18. The photocurable resin composition according to claim 14, comprising, as the monofunctional radical-polymerizable compound (B), a monofunctional acrylamide-based compound, wherein the monofunctional acrylamide-based compound includes a cyclic structure.

19. The photocurable resin composition according to claim 18, wherein the monofunctional acrylamide-based compound is acryloylmorpholine or phenylacrylamide.

20. The photocurable resin composition according to claim 14, comprising, as the monofunctional radical-polymerizable compound (B), a monofunctional methacrylate-based compound, wherein a content of a methacrylate group relative to a total amount of a radical-polymerizable functional group in the photocurable resin composition is 25 mol % or less.

21. The photocurable resin composition according to claim 1, not comprising or comprising, as the monofunctional radical-polymerizable compound (B), a compound including an alicyclic hydrocarbon group, wherein, in a case of comprising the compound including an alicyclic hydrocarbon group, a content of the compound relative to 100 parts by mass of the total amount of the polyfunctional radical-polymerizable compound (A) and the monofunctional radical-polymerizable compound (B) is 50 parts by mass or less.

22. The photocurable resin composition according to claim 1, wherein the rubber particles (C) include at least one selected from the group consisting of butadiene rubber, crosslinked butadiene rubber, and styrene/butadiene copolymer rubber.

23. The photocurable resin composition according to claim 1, wherein the rubber particles (C) have a core-shell structure in which at least a portion of a core containing rubber is covered with a shell formed of a polymer of a radical-polymerizable compound.

24. The photocurable resin composition according to claim 1, wherein the rubber particles (C) have an average particle size of 20 nm or more and 10 μm or less.

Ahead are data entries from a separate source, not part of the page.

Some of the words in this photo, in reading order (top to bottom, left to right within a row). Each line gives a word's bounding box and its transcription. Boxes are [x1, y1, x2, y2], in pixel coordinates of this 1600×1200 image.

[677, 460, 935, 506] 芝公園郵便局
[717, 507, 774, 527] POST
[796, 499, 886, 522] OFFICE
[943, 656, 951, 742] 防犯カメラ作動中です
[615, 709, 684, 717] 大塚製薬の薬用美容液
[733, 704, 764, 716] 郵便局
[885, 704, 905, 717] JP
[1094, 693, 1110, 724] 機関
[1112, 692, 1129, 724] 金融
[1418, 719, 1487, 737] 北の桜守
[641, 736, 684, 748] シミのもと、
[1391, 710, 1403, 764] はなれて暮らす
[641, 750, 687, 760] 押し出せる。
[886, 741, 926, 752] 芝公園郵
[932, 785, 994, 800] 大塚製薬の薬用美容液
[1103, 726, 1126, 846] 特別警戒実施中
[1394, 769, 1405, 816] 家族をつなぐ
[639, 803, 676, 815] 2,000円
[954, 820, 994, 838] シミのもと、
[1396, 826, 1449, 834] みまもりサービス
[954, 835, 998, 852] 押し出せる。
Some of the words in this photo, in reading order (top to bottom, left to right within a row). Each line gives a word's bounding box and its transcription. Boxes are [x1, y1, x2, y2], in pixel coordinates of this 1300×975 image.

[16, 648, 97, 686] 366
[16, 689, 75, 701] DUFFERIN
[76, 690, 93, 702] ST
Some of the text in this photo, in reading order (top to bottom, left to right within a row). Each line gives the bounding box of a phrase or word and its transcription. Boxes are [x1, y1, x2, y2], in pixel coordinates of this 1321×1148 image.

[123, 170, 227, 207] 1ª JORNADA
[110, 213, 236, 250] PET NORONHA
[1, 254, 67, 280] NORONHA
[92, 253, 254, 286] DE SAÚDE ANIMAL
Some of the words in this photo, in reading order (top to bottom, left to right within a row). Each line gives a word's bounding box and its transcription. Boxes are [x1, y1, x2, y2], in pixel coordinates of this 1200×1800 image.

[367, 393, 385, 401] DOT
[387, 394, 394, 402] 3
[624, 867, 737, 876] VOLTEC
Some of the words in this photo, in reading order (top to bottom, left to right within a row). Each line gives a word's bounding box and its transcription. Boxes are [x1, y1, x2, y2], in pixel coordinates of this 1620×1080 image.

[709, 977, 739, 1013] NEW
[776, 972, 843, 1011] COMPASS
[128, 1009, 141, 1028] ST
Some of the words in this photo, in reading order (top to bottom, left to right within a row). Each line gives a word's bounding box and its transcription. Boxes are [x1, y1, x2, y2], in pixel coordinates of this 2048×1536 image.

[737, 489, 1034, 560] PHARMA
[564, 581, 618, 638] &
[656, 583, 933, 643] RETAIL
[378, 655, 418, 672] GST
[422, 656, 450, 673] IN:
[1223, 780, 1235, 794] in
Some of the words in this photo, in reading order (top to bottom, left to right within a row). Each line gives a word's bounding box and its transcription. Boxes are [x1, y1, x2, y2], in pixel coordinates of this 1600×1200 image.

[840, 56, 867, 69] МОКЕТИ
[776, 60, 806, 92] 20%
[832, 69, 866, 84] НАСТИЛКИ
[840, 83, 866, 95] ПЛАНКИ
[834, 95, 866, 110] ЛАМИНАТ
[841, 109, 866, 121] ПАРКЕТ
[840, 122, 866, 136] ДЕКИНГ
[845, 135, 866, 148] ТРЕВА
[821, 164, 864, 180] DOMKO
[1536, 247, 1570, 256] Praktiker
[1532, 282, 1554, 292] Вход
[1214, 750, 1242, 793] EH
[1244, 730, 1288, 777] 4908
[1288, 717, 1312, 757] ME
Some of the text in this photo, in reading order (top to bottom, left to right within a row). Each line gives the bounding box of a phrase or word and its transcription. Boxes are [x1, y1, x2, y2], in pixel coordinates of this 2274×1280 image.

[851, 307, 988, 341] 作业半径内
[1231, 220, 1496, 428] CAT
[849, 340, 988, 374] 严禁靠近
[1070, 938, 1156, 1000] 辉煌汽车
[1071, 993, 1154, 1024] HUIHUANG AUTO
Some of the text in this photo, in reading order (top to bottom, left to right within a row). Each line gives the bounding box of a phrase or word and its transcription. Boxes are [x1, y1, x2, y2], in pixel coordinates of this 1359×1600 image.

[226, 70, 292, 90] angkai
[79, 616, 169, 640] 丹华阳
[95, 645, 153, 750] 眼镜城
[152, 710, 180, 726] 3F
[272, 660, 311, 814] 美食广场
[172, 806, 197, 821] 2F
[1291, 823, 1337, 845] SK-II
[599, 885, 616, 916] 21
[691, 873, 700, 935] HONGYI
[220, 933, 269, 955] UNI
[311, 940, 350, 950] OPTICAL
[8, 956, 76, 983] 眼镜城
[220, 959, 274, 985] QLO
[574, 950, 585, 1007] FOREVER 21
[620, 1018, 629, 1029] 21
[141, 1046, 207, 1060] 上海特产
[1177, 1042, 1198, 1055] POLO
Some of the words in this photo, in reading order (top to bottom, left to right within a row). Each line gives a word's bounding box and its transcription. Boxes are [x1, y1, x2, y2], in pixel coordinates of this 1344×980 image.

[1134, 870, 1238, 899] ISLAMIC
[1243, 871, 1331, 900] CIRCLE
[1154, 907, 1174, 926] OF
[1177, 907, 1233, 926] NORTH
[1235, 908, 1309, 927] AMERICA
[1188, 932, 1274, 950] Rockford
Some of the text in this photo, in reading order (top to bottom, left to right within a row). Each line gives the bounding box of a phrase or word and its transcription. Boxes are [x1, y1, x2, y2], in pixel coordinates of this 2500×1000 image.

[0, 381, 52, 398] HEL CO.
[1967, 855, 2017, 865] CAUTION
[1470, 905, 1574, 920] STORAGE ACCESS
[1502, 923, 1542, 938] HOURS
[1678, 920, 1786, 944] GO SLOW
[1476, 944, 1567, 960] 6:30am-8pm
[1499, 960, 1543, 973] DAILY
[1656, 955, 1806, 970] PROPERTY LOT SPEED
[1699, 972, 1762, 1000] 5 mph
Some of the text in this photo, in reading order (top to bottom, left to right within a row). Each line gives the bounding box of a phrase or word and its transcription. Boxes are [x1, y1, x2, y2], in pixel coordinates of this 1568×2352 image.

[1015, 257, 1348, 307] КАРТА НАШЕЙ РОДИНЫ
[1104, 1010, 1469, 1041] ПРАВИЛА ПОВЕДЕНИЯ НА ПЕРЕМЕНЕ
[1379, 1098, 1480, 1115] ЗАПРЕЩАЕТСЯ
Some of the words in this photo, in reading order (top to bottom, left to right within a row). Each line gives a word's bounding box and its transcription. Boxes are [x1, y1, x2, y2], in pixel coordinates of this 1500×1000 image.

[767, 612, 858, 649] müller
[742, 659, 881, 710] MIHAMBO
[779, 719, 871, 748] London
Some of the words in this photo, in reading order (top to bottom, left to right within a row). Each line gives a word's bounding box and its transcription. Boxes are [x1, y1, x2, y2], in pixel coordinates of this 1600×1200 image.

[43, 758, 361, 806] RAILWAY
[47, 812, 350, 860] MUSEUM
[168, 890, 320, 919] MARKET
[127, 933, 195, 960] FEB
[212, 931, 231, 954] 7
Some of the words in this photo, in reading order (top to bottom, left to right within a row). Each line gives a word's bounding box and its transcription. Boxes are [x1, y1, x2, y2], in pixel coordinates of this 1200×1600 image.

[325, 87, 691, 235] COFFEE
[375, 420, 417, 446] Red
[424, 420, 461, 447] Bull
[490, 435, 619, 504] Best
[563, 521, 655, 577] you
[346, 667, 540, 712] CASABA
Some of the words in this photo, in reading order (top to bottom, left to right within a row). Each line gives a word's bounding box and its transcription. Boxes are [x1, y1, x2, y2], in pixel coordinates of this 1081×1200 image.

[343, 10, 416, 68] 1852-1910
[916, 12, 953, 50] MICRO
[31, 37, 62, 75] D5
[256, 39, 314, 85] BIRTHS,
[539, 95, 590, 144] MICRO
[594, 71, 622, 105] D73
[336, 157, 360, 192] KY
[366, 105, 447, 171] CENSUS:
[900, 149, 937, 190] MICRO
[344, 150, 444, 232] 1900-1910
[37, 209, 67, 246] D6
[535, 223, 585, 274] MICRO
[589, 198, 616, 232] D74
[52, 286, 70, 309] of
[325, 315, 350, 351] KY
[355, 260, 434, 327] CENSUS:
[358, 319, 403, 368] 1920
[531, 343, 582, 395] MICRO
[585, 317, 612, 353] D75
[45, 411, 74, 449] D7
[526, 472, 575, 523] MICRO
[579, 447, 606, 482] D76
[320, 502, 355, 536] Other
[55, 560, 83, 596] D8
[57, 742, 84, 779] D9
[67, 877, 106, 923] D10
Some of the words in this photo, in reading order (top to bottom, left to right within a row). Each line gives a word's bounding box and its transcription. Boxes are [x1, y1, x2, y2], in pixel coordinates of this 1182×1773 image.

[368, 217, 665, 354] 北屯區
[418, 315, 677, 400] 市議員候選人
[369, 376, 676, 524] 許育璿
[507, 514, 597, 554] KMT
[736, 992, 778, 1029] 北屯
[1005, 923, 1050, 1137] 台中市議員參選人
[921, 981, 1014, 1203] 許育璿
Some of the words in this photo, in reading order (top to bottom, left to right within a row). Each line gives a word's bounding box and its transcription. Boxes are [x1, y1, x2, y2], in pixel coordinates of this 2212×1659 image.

25. A cured product formed by polymerizing the photocurable resin composition according to claim 1.

26. A method for producing an object by stereolithography, the method comprising: a step of placing a photocurable resin composition to a predetermined thickness; anda step of irradiating, on a basis of slice data of a three-dimensional model, the photocurable resin composition with optical energy to cure the photocurable resin composition,wherein the photocurable resin composition is the photocurable resin composition according to claim 1.

27. The method for producing an object according to claim 26, wherein the optical energy is light emitted from a laser light source or a projector.